Caso legale:
Il Fatto Il nostro assistito veniva accusato di atti persecutori nei confronti dell'ex compagna dopo la cessazione della convivenza. L'imputazione originaria descriveva condotte di pedinamenti, telefonate e messaggi insistenti, ma ometteva di contestare specificamente l'evento tipico richiesto dalla norma: il perdurante e grave stato di ansia o di paura della vittima e l'alterazione delle sue abitudini di vita.

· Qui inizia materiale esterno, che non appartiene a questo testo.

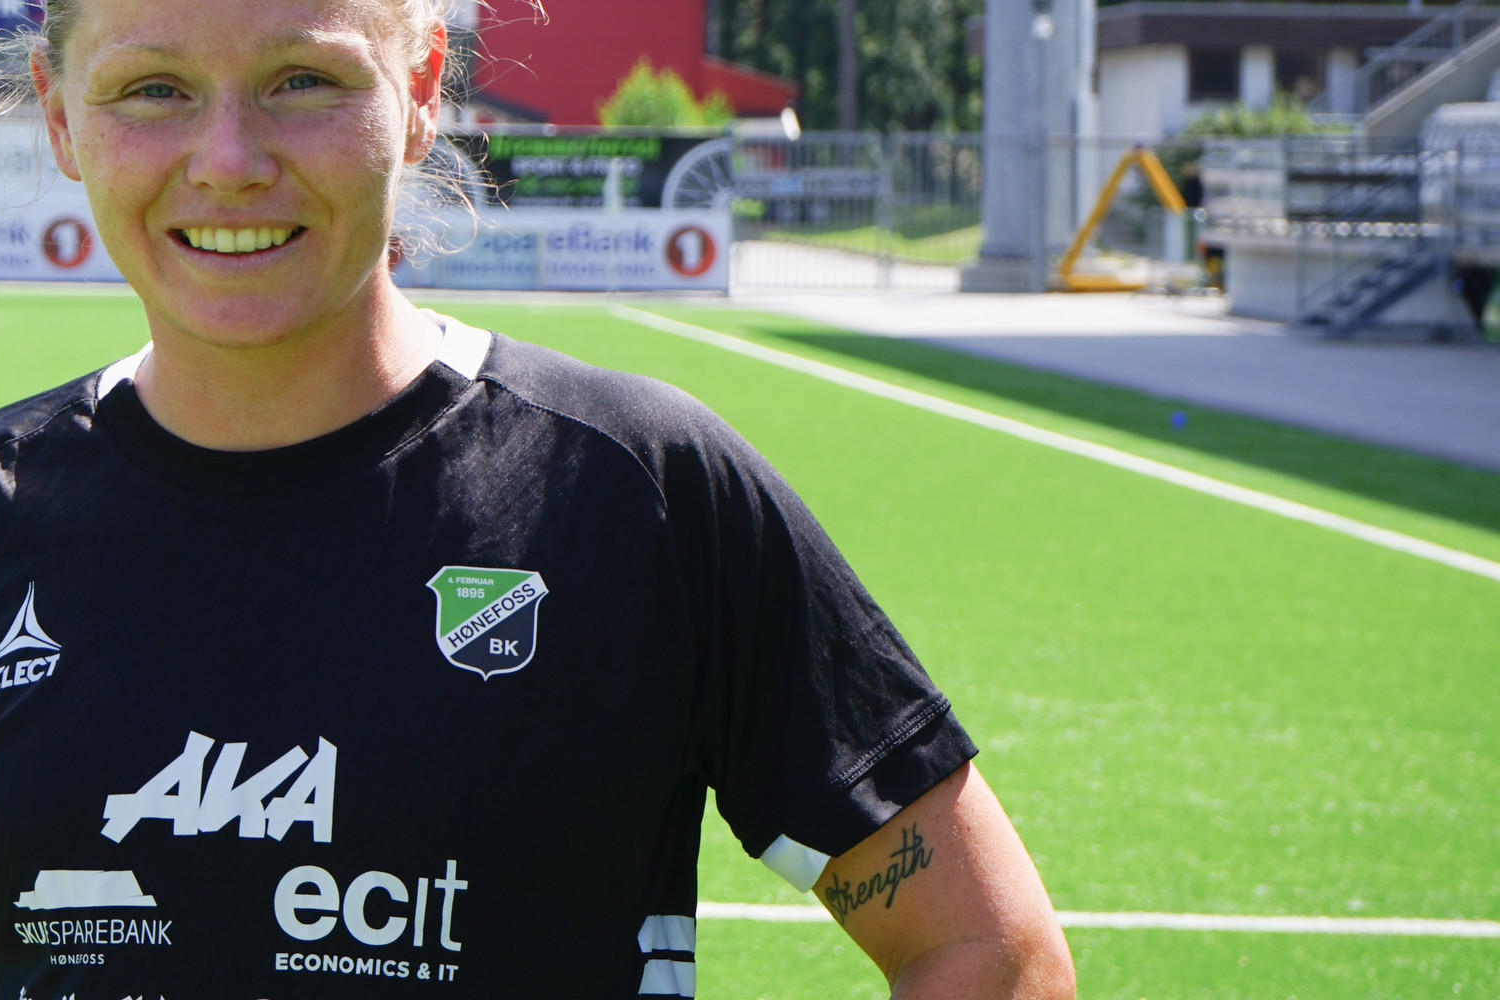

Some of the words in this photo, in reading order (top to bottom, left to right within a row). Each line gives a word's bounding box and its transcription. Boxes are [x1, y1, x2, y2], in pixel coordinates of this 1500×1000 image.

[456, 577, 494, 586] FEBRUAR
[456, 588, 485, 599] 1895
[448, 583, 536, 648] HØNEFOSS
[489, 638, 519, 657] BK
[101, 730, 338, 844] AKA
[50, 919, 172, 945] SPAREBANK
[51, 954, 105, 965] HØNEFOSS
[275, 952, 409, 978] ECONOMICS
[416, 963, 431, 980] &
[438, 963, 459, 982] IT

La Nostra Strategia Abbiamo eccepito il vizio di correlazione tra accusa e sentenza quando il giudice di primo grado tentava di riqualificare il fatto da maltrattamenti in famiglia ad atti persecutori. Come stabilito dalla Cassazione Penale, "tale evento costituisce elemento descrittivo indeflettibile della fattispecie di stalking che deve essere specificamente contestato, non potendo essere ricavato in via meramente induttiva dalla descrizione delle sole condotte moleste". La nostra difesa si è concentrata sulla dimostrazione che l'imputazione non conteneva l'indicazione degli elementi costitutivi essenziali del reato di stalking.
Il Risultato Annullamento senza rinvio per violazione dell'art. 521 c.p.p. La Corte di Cassazione ha accolto il nostro ricorso, stabilendo che "il difetto di contestazione dell'evento tipico determina l'annullamento senza rinvio per violazione dell'art. 521 cod. proc. pen., non essendo sanato dalla possibilità astratta di prevedere la riqualificazione giuridica quando manchi nell'imputazione l'indicazione degli elementi costitutivi essenziali del reato diverso da quello originariamente contestato". La specializzazione in reati contro la persona ha consentito di individuare il vizio procedurale decisivo, garantendo l'assoluzione del nostro assistito.